■ Goal of the exercise ■
From the line that contains "this 1600×1067 image." to the last line of the data below, transcribe every line exactly. Do not include the pictures.

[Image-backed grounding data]
———

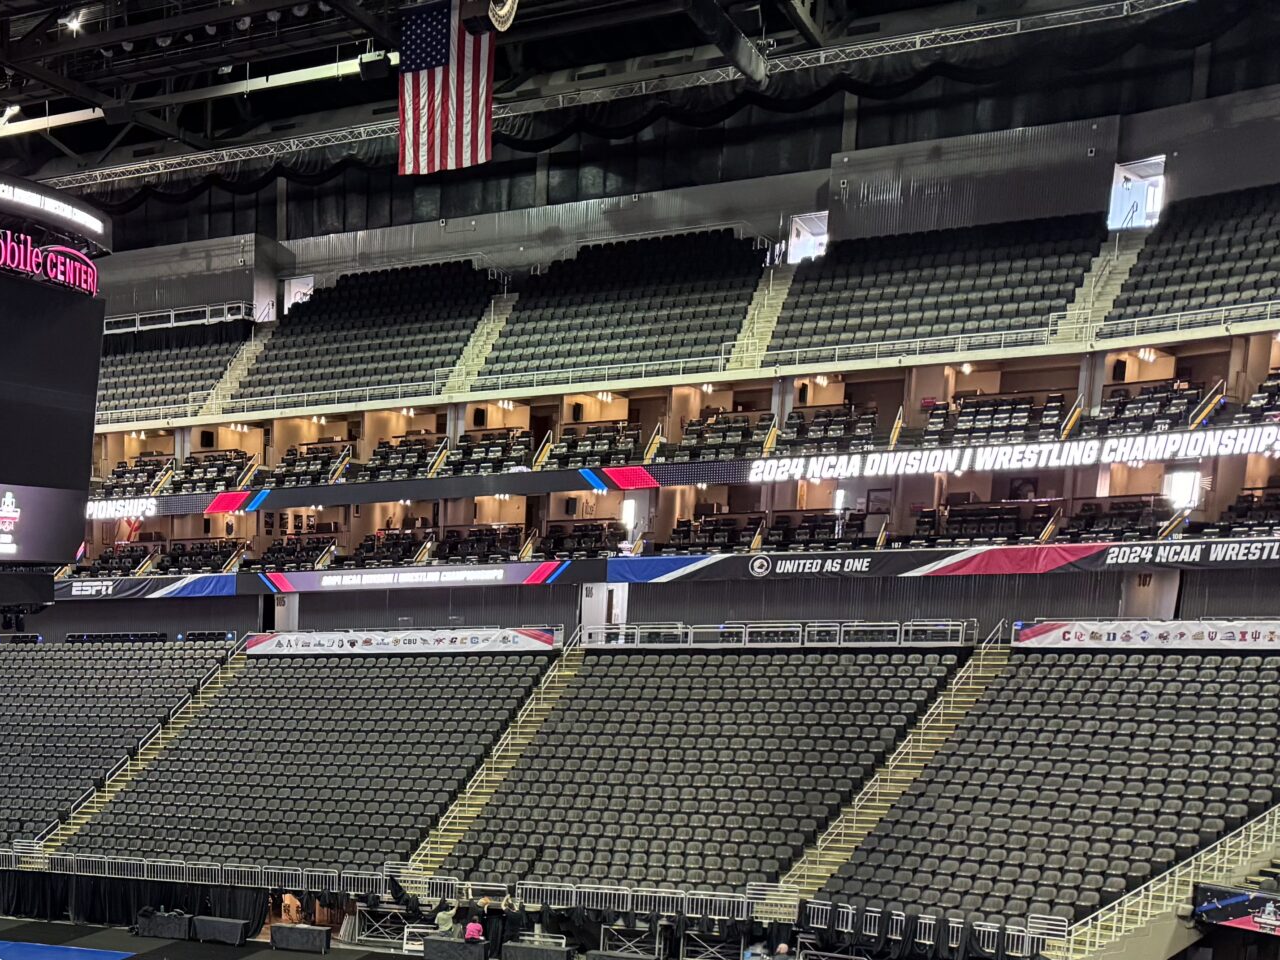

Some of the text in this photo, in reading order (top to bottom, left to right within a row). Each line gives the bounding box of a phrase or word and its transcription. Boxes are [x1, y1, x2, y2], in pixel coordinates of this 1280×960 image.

[47, 251, 94, 292] CENTER
[749, 457, 805, 483] 2024
[806, 453, 863, 479] NCAA
[863, 448, 961, 475] DIVISION
[974, 439, 1101, 471] WRESTLING
[1106, 546, 1154, 564] 2024
[776, 558, 872, 573] UNITED AS ONE
[72, 581, 114, 596] ESPN
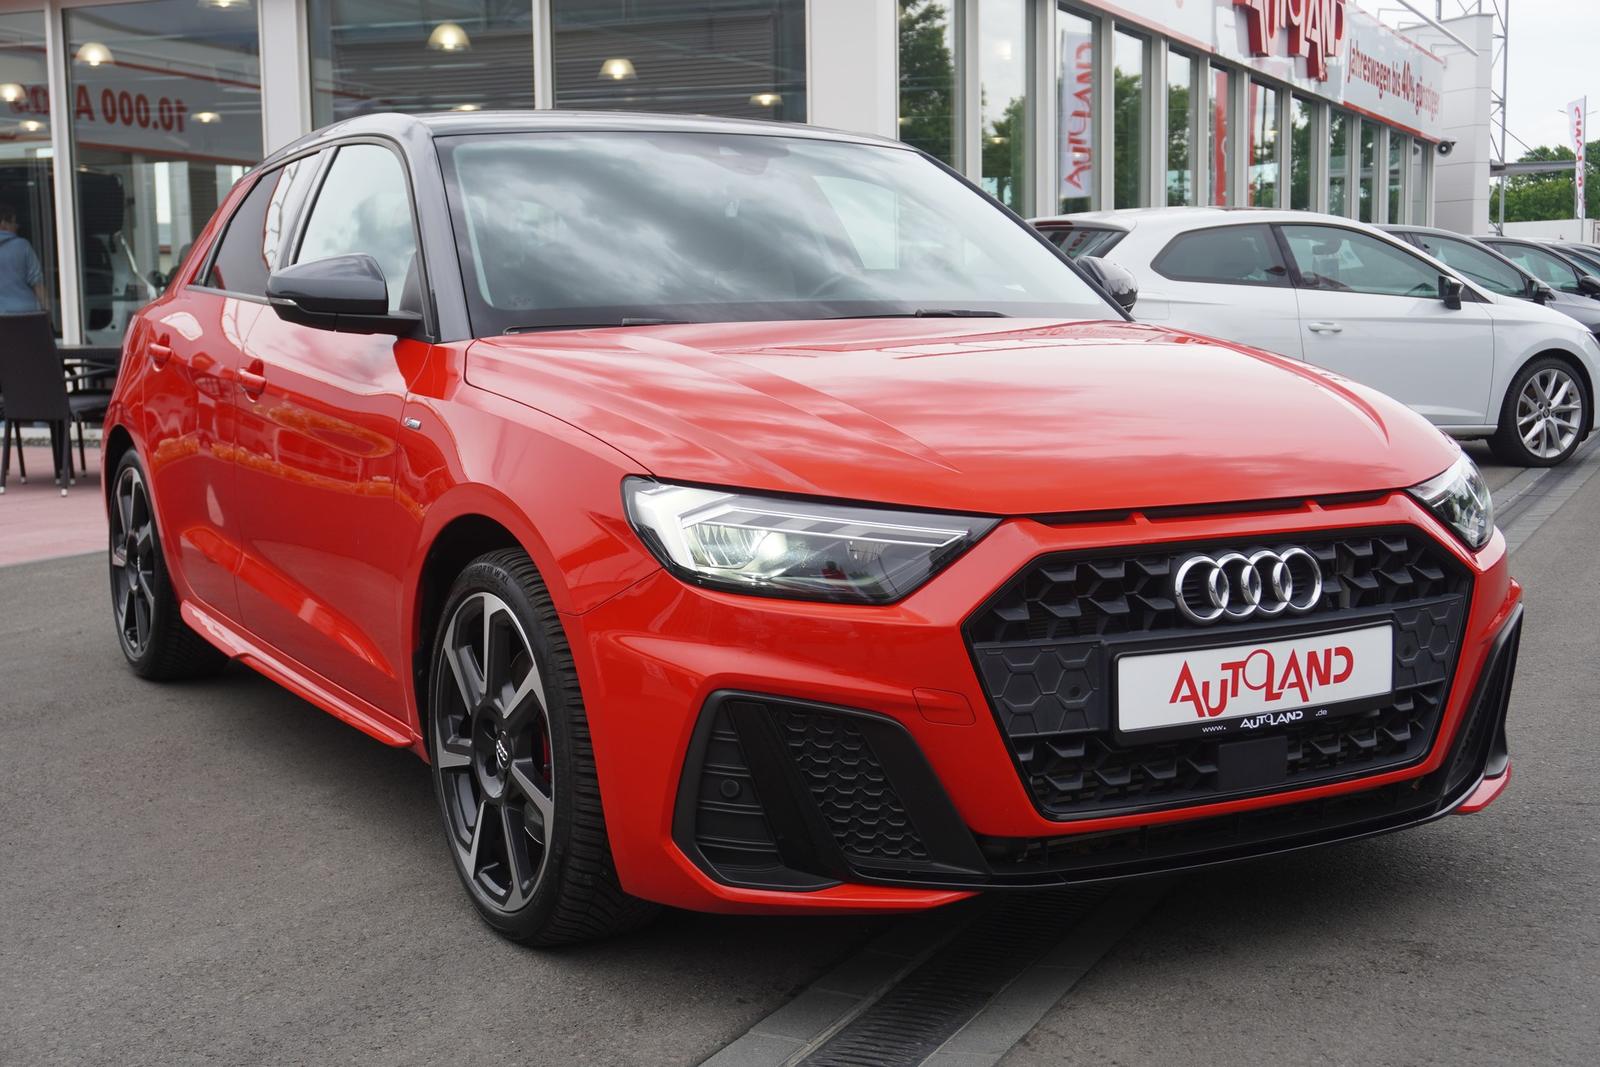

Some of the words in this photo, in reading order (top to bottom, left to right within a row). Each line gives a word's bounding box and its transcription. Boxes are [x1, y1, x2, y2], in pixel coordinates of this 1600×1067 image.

[1347, 38, 1391, 99] Jahreswagen
[1169, 646, 1354, 718] AUTOLAND
[1240, 711, 1304, 729] AUTOLAND
[1315, 709, 1328, 717] .de
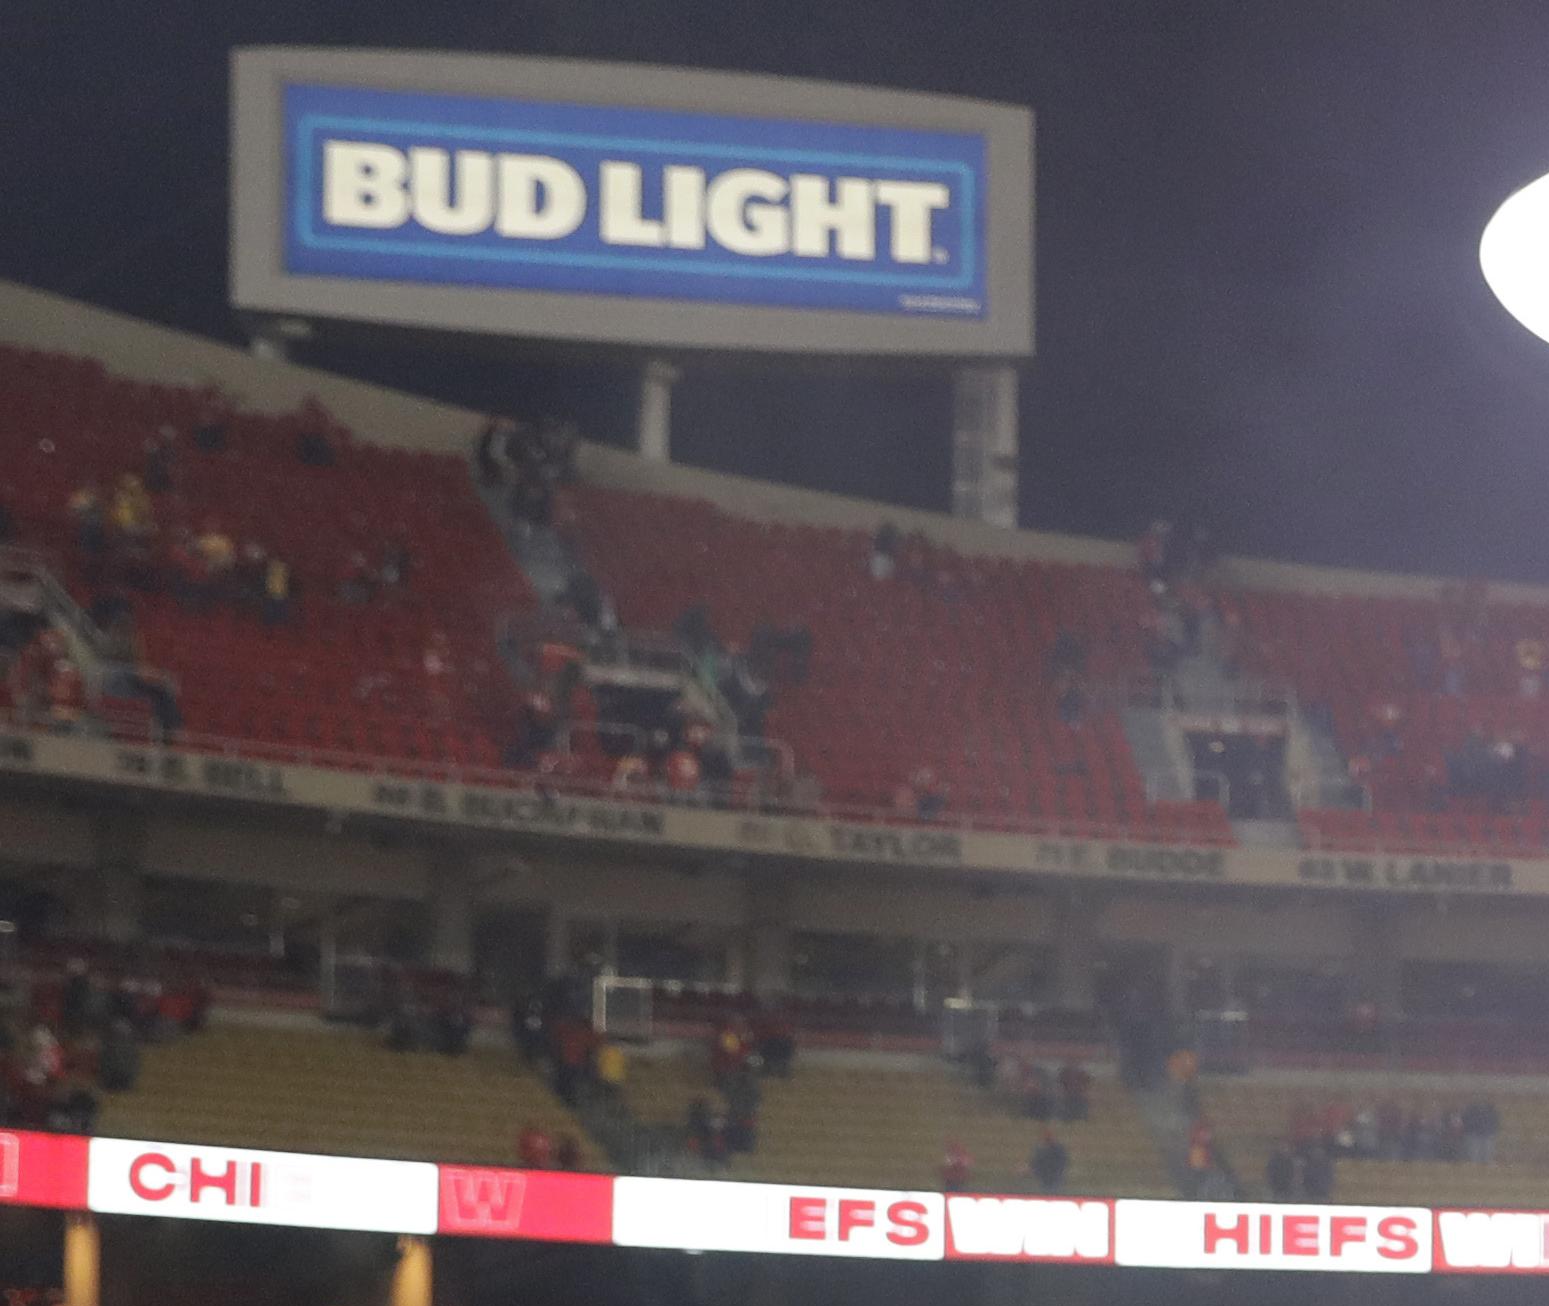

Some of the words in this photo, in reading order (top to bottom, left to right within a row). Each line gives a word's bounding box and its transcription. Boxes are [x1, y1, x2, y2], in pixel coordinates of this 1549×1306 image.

[321, 139, 586, 240] BUD
[599, 161, 950, 266] LIGHT
[129, 1152, 262, 1208] CHI
[443, 1166, 527, 1231] W
[788, 1196, 930, 1247] EFS
[947, 1196, 1110, 1259] WIN
[1203, 1212, 1419, 1261] HIEFS
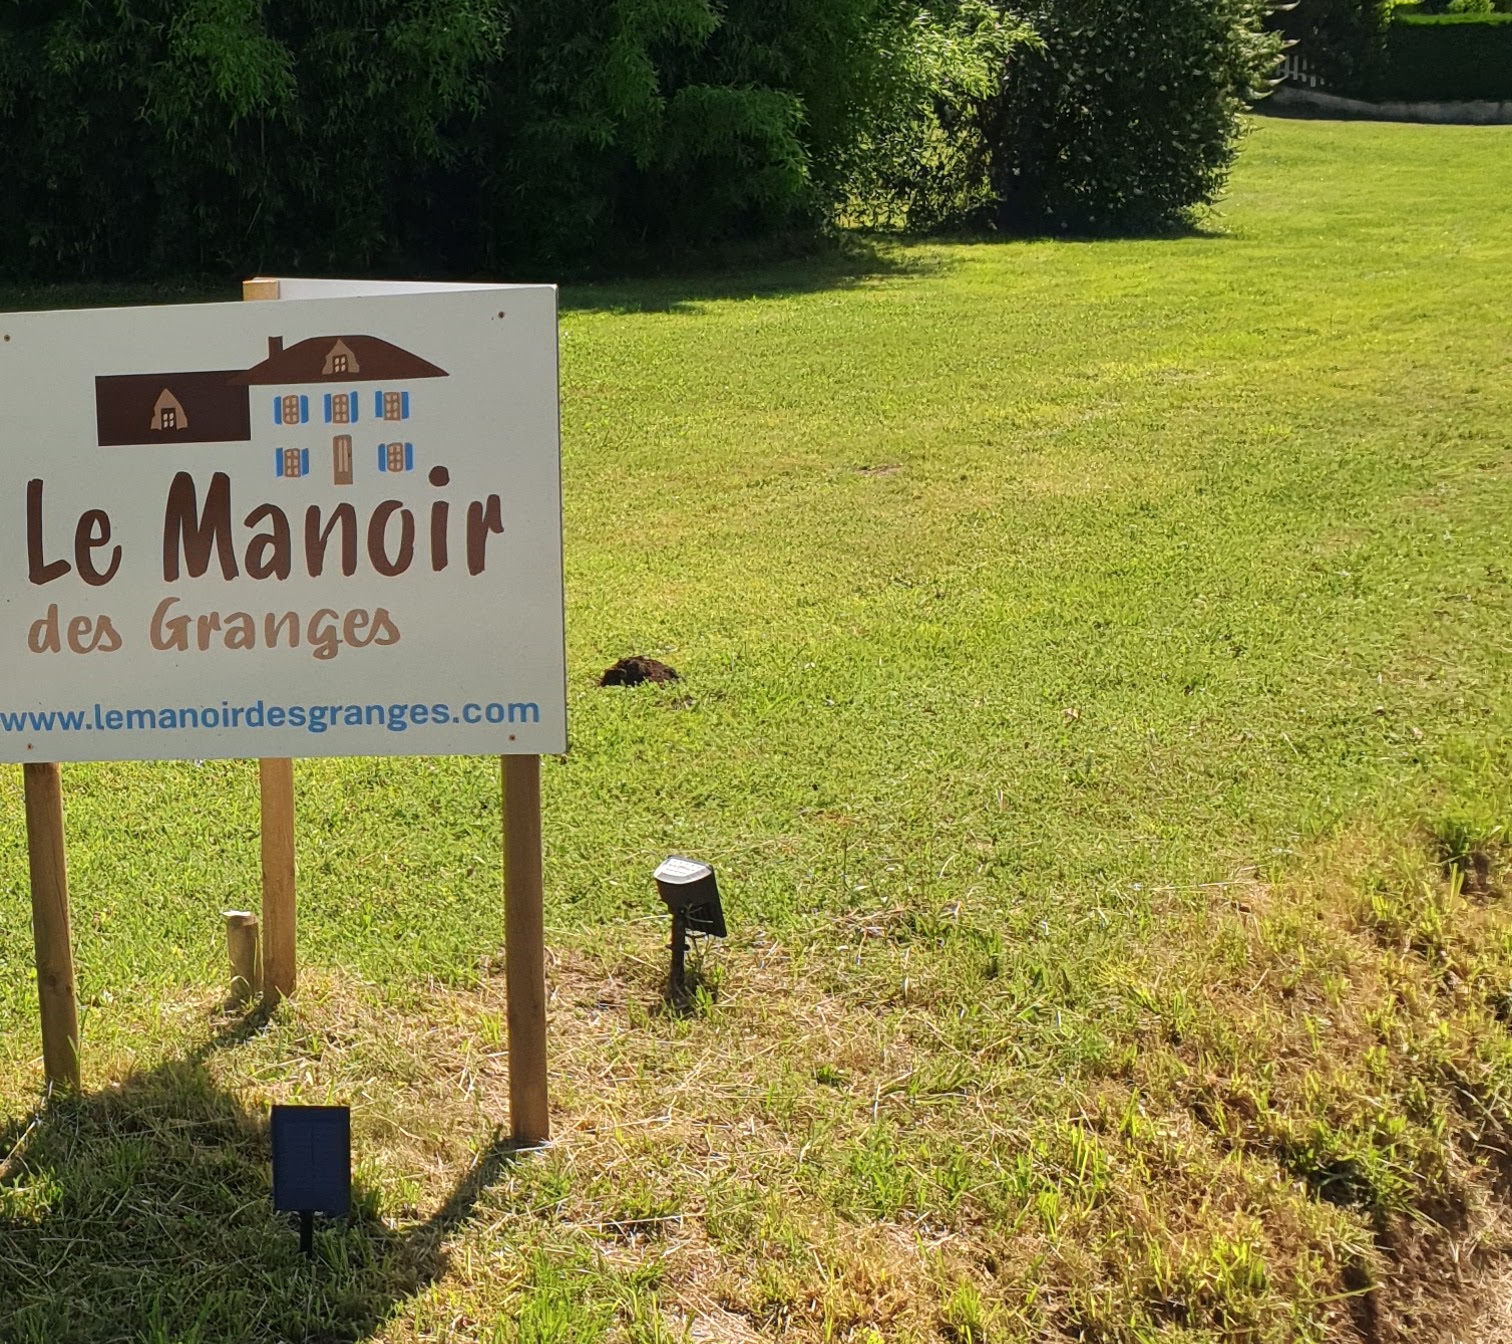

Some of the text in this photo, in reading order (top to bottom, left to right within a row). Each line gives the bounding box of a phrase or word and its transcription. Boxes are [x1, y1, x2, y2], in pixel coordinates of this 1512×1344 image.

[26, 466, 504, 586] Le Manoir
[27, 597, 401, 660] des Granges
[0, 699, 541, 733] www.lemanoirdesgranges.com

———

■ Output of the exercise ■
Some of the words in this photo, in reading order (top to bottom, left to right within a row). Each line gives a word's bounding box and its transcription. Boxes are [x1, y1, x2, y2], in pixel coordinates of this 1600×1067 image.

[1347, 38, 1391, 99] Jahreswagen
[1169, 646, 1354, 718] AUTOLAND
[1240, 711, 1304, 729] AUTOLAND
[1315, 709, 1328, 717] .de

Some of the words in this photo, in reading order (top to bottom, left to right within a row). Each line gives a word's bounding box and its transcription. Boxes are [x1, y1, x2, y2], in pixel coordinates of this 1549×1306 image.

[321, 139, 586, 240] BUD
[599, 161, 950, 266] LIGHT
[129, 1152, 262, 1208] CHI
[443, 1166, 527, 1231] W
[788, 1196, 930, 1247] EFS
[947, 1196, 1110, 1259] WIN
[1203, 1212, 1419, 1261] HIEFS

Some of the text in this photo, in reading order (top to bottom, left to right within a row). Each line gives the bounding box of a phrase or word and its transcription. Boxes are [x1, y1, x2, y2], in pixel coordinates of this 1512×1344 image.

[26, 466, 504, 586] Le Manoir
[27, 597, 401, 660] des Granges
[0, 699, 541, 733] www.lemanoirdesgranges.com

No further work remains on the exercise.